Inflation on the retreat – What does this mean for real estate?
Encouraging news: Inflation continues to retreat, reaching a comparatively low level of 3.2% in November for the first time – the lowest since June 2021, to be precise! The world is in turmoil and has been characterized by frightening events: From the coronavirus crisis and the Russia-Ukraine war to the energy crisis…
This makes it all the more important to focus more on the positive aspects. Falling inflation is without question a cause for relief for everyone. But what does the development of inflation mean, especially for property prices? By all appearances, the European Central Bank’s course is set for easing. According to our forecast and the opinion of many other experts, it is almost impossible that interest rates will continue to rise.

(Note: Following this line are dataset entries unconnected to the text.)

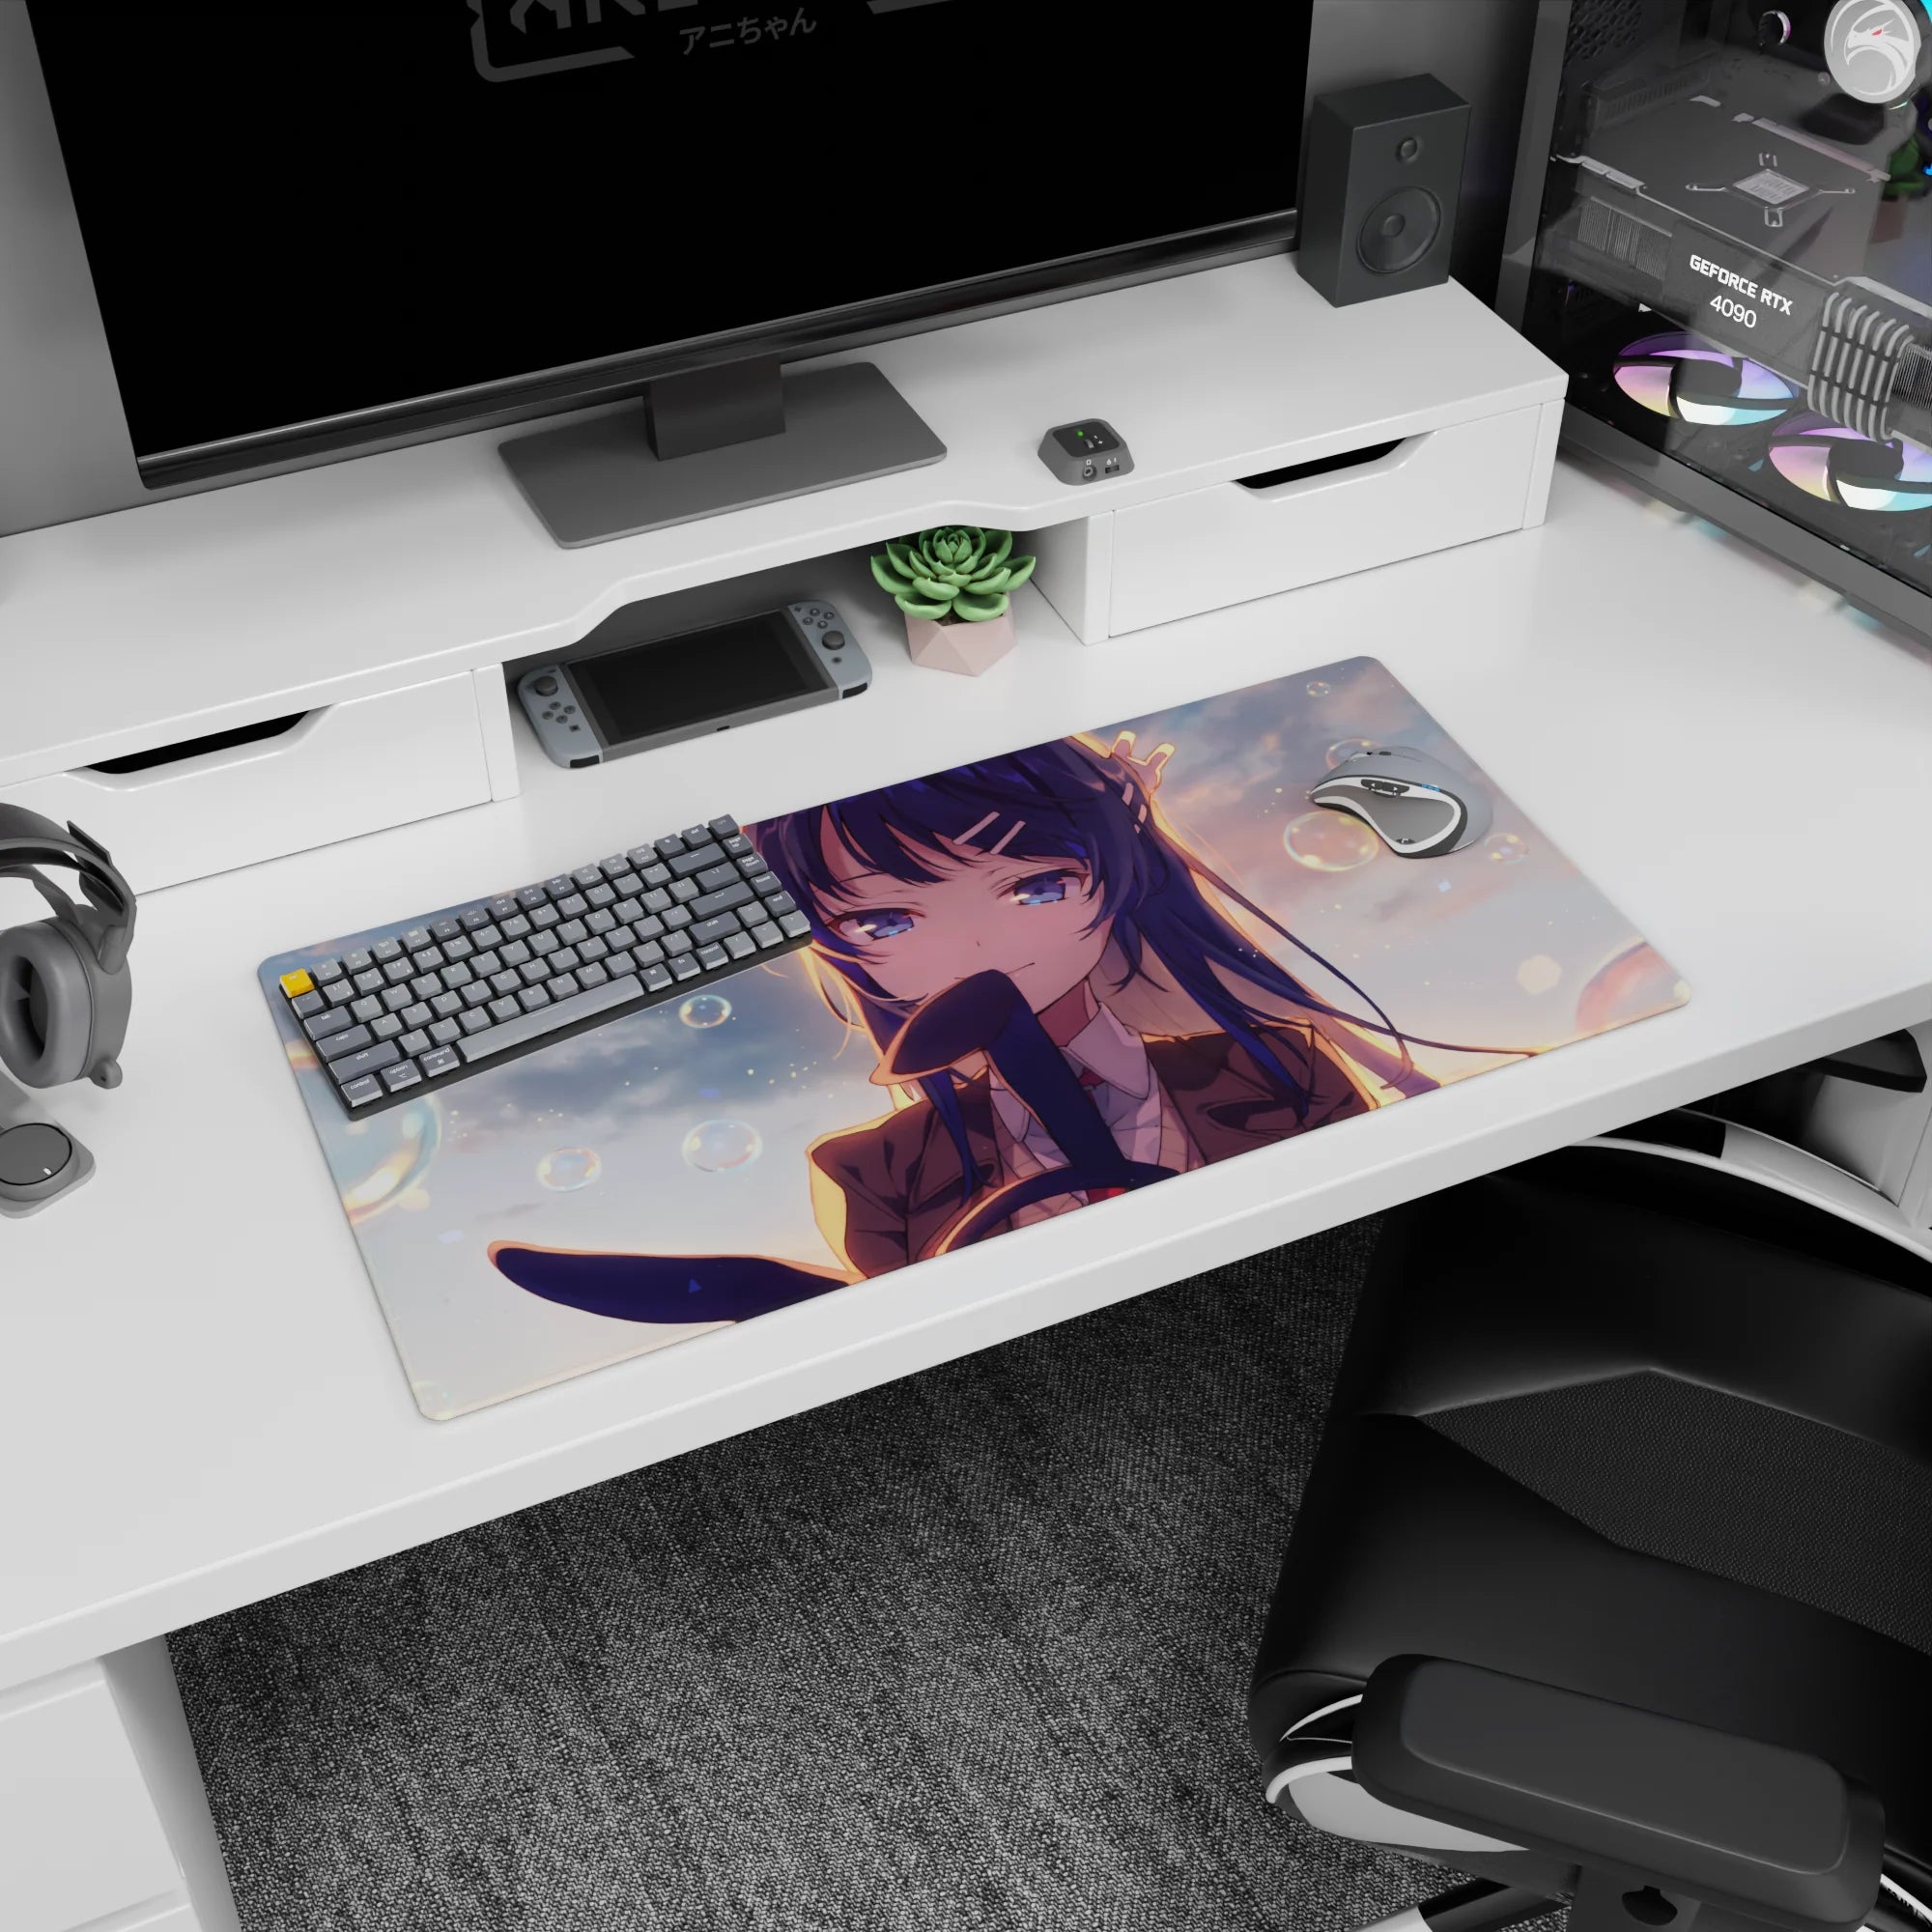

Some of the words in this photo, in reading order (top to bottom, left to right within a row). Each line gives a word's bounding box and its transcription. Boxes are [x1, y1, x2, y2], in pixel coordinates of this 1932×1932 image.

[679, 6, 817, 56] アニちゃん
[1690, 254, 1759, 298] GEFORCE
[1760, 288, 1794, 316] RTX
[1709, 295, 1757, 328] 4090
[745, 859, 760, 867] down
[423, 1047, 450, 1061] command
[389, 1065, 409, 1074] option
[350, 1078, 370, 1090] control

Based on our assessment of the current situation, interest rates will remain stable for the next few months. In fact, everything points to the first downward adjustment of interest rates. This is likely to happen in the second to third quarter of 2024 at the latest. Even if interest rates do not approach the zero level in the foreseeable future, the ECB will probably initiate a correction of the key interest rate towards 3% in the near future.
The ECB’s possible decision to lower the key interest rate in the future will be influenced by various factors. Inflation is continuing to ease. This is a good indication that the need for a restrictive monetary policy is receding into the background. If we take a look at the economic data for the EU, there is little to be pleased about at the moment. A reduction in interest rates would raise hopes that the population’s purchasing power would increase.

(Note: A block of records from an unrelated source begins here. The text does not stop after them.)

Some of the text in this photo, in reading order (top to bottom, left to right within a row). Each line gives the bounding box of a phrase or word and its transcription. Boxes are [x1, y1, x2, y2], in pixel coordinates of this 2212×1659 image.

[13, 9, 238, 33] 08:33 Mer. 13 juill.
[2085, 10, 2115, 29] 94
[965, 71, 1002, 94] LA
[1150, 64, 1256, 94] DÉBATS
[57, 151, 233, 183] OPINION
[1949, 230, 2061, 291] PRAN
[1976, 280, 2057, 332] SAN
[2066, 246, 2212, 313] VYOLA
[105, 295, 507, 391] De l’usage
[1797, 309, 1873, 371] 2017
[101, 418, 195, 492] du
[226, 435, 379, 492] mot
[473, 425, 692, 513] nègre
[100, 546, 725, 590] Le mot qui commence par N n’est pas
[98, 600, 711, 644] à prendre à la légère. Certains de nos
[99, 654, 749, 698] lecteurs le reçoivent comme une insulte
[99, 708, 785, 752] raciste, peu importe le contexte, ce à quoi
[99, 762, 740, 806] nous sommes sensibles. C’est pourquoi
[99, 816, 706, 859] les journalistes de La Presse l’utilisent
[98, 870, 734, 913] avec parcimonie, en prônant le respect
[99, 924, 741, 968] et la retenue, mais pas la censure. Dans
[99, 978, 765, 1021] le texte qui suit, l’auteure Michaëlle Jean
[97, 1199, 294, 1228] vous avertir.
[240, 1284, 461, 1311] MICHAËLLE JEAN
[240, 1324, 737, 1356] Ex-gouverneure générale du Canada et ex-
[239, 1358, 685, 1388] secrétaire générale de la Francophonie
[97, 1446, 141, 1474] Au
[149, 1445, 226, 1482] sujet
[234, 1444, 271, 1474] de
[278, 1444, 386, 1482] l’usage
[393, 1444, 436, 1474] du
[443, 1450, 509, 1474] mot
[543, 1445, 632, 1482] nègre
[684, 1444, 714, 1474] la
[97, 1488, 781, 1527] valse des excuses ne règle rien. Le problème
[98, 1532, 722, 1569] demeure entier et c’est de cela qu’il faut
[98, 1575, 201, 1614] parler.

It will become more interesting to invest again and the economy will therefore have a chance to recover. This would therefore not only encourage positive developments in everyday life, but would also have a significant impact on the investment sector.
Inflation and real estate
An increasingly relaxed ECB policy also has an impact on the real estate market. Keyword building interest rates or real estate loans. Falling interest rates also have an impact on real estate financing, and in a positive sense: the European Central Bank’s looser monetary policy means that financing fees for real estate will settle at a historically low level again.
What about the fundamental interest in investment properties? Due to the increasing stabilization of the inflationary situation, there is already an increased demand for existing properties. What is the reason for this? Past circumstances have led to less construction and development. Higher interest rates, increased land prices, high construction costs and political guidelines dampened progress. When it comes to the latter, the socially responsible use of land in Munich, or SoBoN for short, comes to mind.

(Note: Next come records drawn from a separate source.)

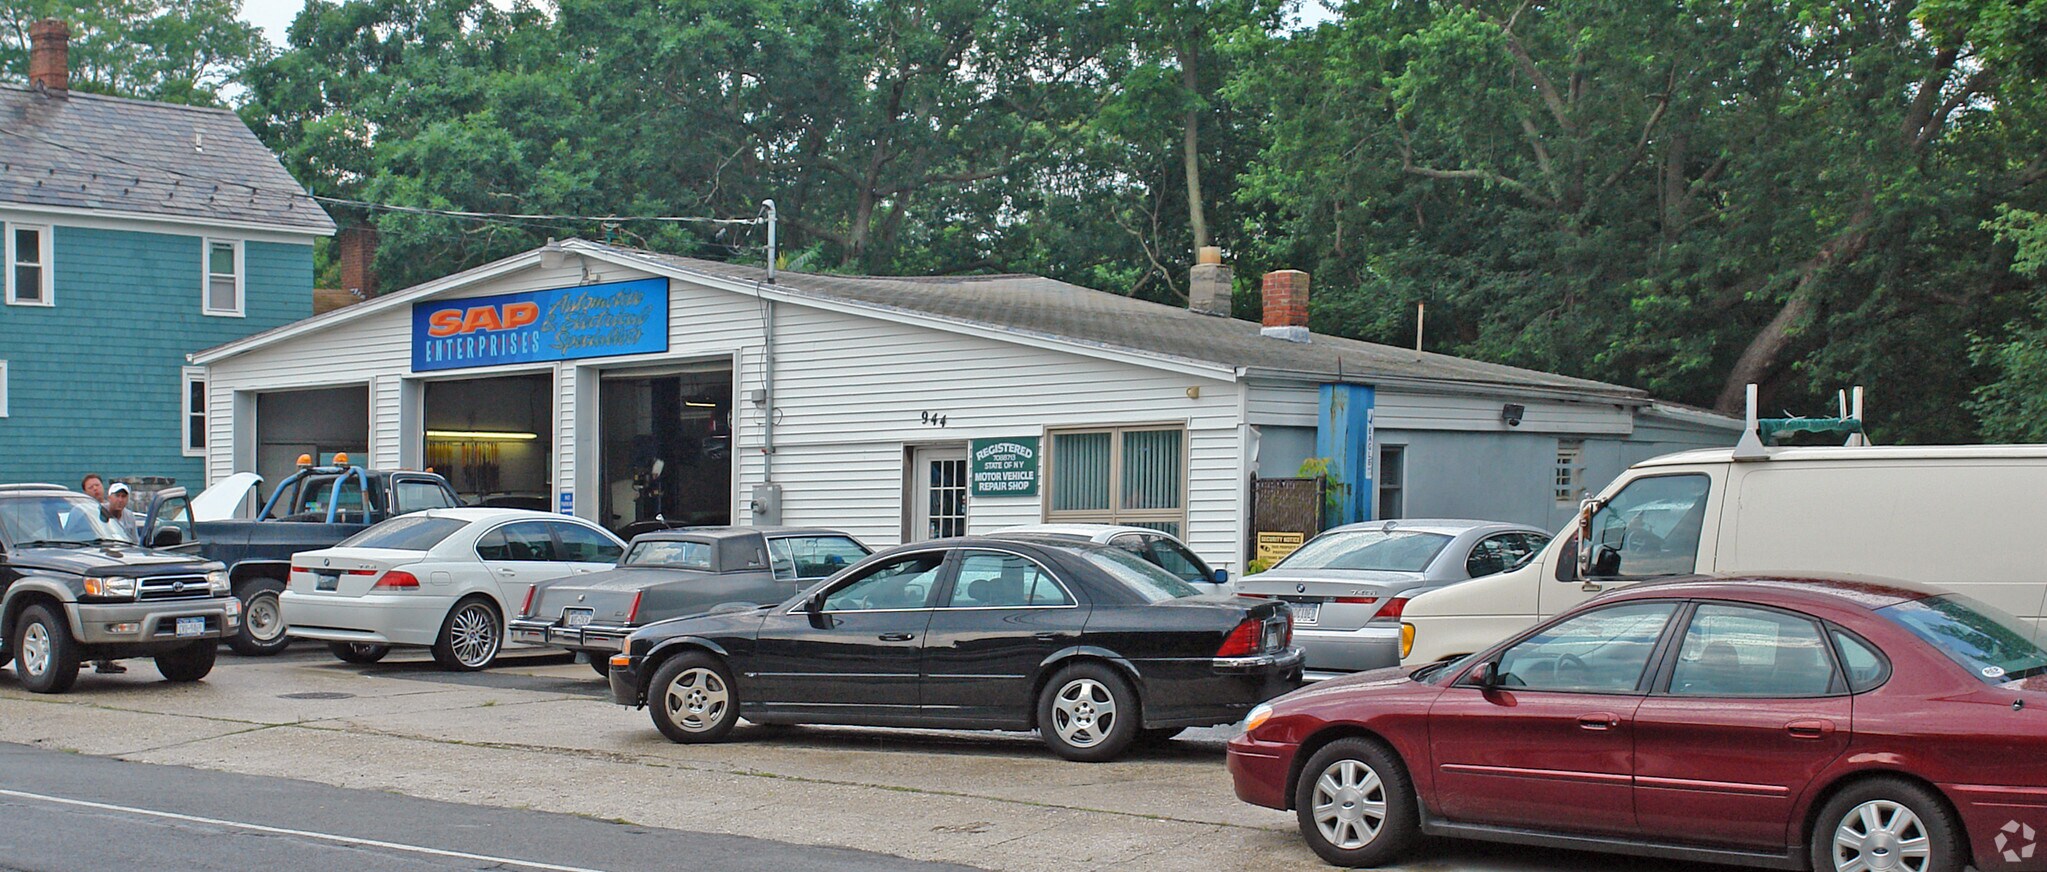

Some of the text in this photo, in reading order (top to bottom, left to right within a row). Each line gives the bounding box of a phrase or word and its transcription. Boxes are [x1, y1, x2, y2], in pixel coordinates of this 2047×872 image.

[549, 288, 644, 315] Automotive
[428, 301, 540, 338] SAP
[541, 305, 654, 332] & Electrical
[426, 330, 540, 362] ENTERPRISES
[921, 410, 947, 428] 944
[976, 442, 1034, 461] REGISTERED
[984, 461, 1003, 470] STATE
[1003, 461, 1013, 469] OF
[974, 470, 1034, 482] MOTOR VEHICLE
[979, 481, 1030, 491] REPAIR SHOP

The concept, which was tightened up in 2021, stipulates that investors are obliged to build at least 60% social or price-controlled rental apartments. However, there have now been positive changes in the area of construction and development. Apart from the fact that interest rates are increasingly recovering, the prices of building materials such as wood, steel and concrete are also falling.
Last but not least, real estate prices, which have fallen by up to 20% since the start of the interest rate turnaround, are a decisive factor. Low prices meet falling interest rates and a sharp rise in rents. Demand for investment properties will continue to increase, especially in view of interest rate cuts in the future.
In all likelihood, as soon as the key interest rate is finally lowered, the already strong demand for renovated existing properties will increase further and develop into a real hype. Property prices will also slowly but surely recover over the course of next year, according to forecasts. A noticeable rise in prices can probably be expected by the end of next year.
An investment is and remains a highly individual decision. However, there is a well-known Chinese proverb that says: “The best time to plant a tree was 20 years ago. The second best time is now.” In terms of real estate, this means that the best time to invest is now. Especially if you want to take advantage of the current market situation and the resulting opportunities.